Referring expression grounding data:
......

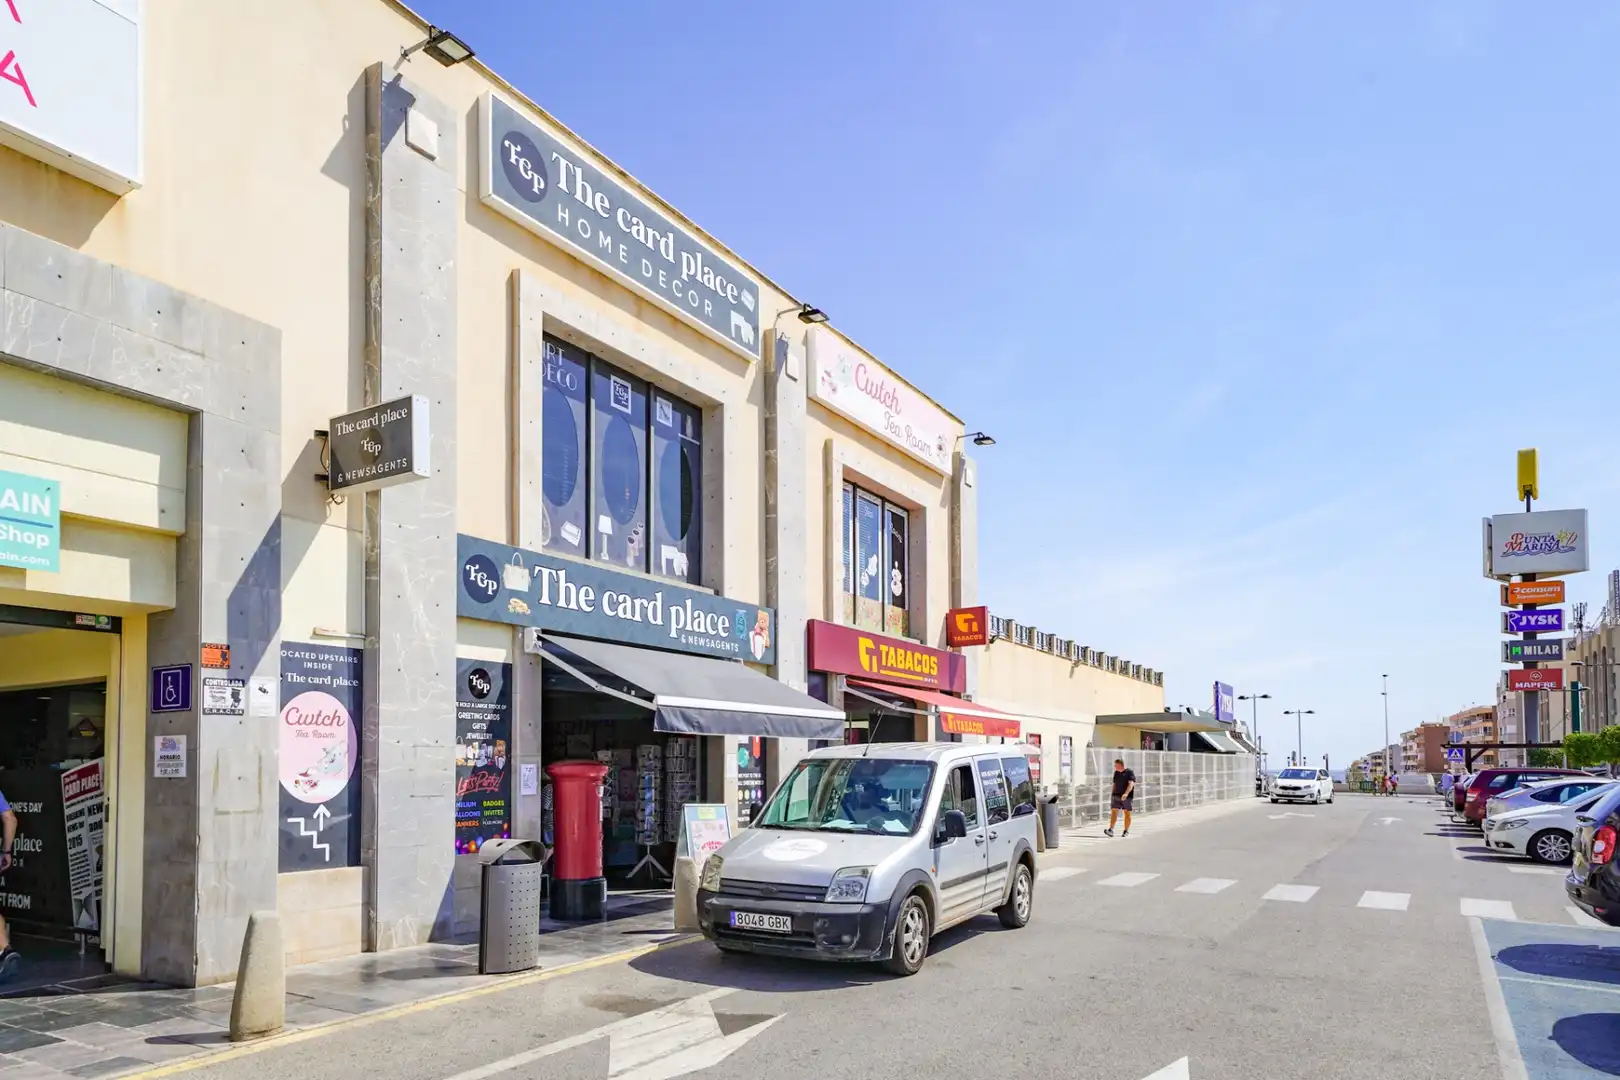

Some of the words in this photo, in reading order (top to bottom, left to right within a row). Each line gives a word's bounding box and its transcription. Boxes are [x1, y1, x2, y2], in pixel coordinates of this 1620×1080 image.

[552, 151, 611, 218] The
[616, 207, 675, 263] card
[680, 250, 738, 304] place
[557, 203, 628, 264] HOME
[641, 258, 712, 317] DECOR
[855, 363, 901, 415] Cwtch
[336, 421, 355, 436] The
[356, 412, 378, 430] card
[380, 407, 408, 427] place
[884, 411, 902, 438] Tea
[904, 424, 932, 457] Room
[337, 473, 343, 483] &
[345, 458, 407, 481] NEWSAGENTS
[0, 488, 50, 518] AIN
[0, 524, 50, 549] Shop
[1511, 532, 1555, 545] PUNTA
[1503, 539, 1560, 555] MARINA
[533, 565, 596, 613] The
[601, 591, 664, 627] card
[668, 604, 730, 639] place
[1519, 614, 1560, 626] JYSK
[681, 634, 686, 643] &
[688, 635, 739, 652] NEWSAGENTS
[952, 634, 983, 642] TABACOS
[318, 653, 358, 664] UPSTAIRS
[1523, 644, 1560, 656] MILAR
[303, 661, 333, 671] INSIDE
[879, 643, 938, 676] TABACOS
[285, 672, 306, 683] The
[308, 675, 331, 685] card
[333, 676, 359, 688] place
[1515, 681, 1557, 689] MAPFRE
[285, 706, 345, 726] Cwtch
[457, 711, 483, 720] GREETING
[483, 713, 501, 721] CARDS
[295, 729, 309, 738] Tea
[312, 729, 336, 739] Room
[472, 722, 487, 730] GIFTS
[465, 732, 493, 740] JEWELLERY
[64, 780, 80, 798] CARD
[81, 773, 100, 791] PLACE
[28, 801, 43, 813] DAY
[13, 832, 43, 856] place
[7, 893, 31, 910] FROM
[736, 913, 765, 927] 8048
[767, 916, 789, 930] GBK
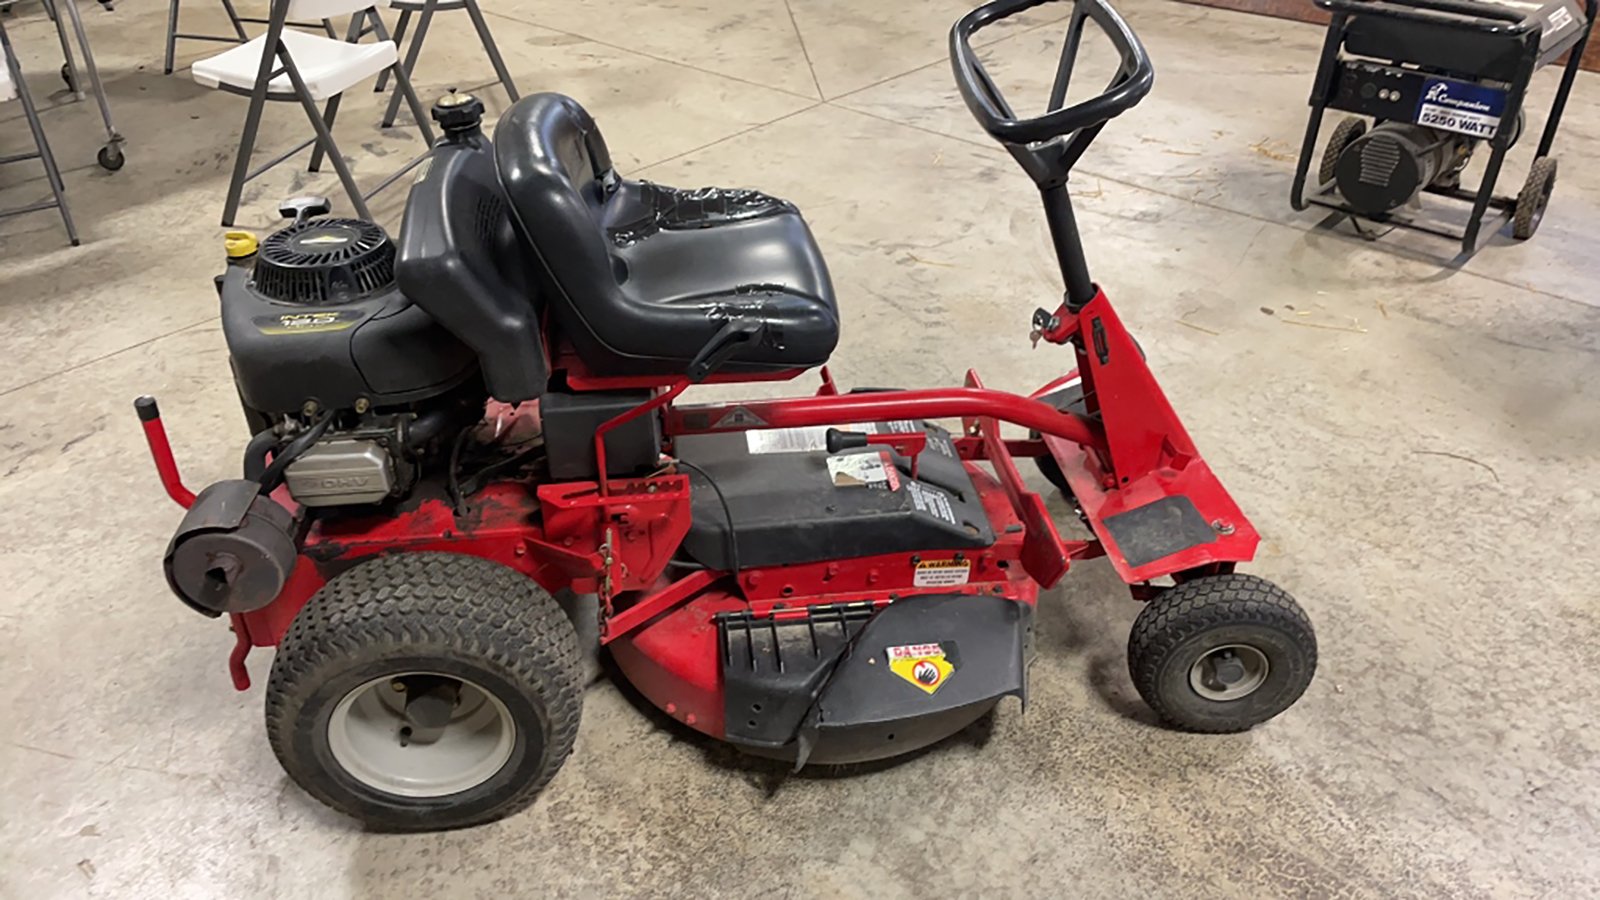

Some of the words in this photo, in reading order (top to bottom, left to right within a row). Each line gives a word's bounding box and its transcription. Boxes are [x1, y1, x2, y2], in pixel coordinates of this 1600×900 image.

......

- ASSIGNED TASK:
In the copy, omit the pictures and give every line of the data exactly.

- TASK OUTPUT:
Some of the words in this photo, in reading order (top to bottom, left to right within a row). Each line gives a word's bounding box and its transcription. Boxes are [x1, y1, x2, y2], in pixel coordinates of this 1620×1080 image.

[552, 151, 611, 218] The
[616, 207, 675, 263] card
[680, 250, 738, 304] place
[557, 203, 628, 264] HOME
[641, 258, 712, 317] DECOR
[855, 363, 901, 415] Cwtch
[336, 421, 355, 436] The
[356, 412, 378, 430] card
[380, 407, 408, 427] place
[884, 411, 902, 438] Tea
[904, 424, 932, 457] Room
[337, 473, 343, 483] &
[345, 458, 407, 481] NEWSAGENTS
[0, 488, 50, 518] AIN
[0, 524, 50, 549] Shop
[1511, 532, 1555, 545] PUNTA
[1503, 539, 1560, 555] MARINA
[533, 565, 596, 613] The
[601, 591, 664, 627] card
[668, 604, 730, 639] place
[1519, 614, 1560, 626] JYSK
[681, 634, 686, 643] &
[688, 635, 739, 652] NEWSAGENTS
[952, 634, 983, 642] TABACOS
[318, 653, 358, 664] UPSTAIRS
[1523, 644, 1560, 656] MILAR
[303, 661, 333, 671] INSIDE
[879, 643, 938, 676] TABACOS
[285, 672, 306, 683] The
[308, 675, 331, 685] card
[333, 676, 359, 688] place
[1515, 681, 1557, 689] MAPFRE
[285, 706, 345, 726] Cwtch
[457, 711, 483, 720] GREETING
[483, 713, 501, 721] CARDS
[295, 729, 309, 738] Tea
[312, 729, 336, 739] Room
[472, 722, 487, 730] GIFTS
[465, 732, 493, 740] JEWELLERY
[64, 780, 80, 798] CARD
[81, 773, 100, 791] PLACE
[28, 801, 43, 813] DAY
[13, 832, 43, 856] place
[7, 893, 31, 910] FROM
[736, 913, 765, 927] 8048
[767, 916, 789, 930] GBK

Some of the words in this photo, in reading order (top to bottom, left to right within a row). Each line gives a word's bounding box and its transcription. Boxes are [x1, y1, x2, y2], in pixel coordinates of this 1600×900 image.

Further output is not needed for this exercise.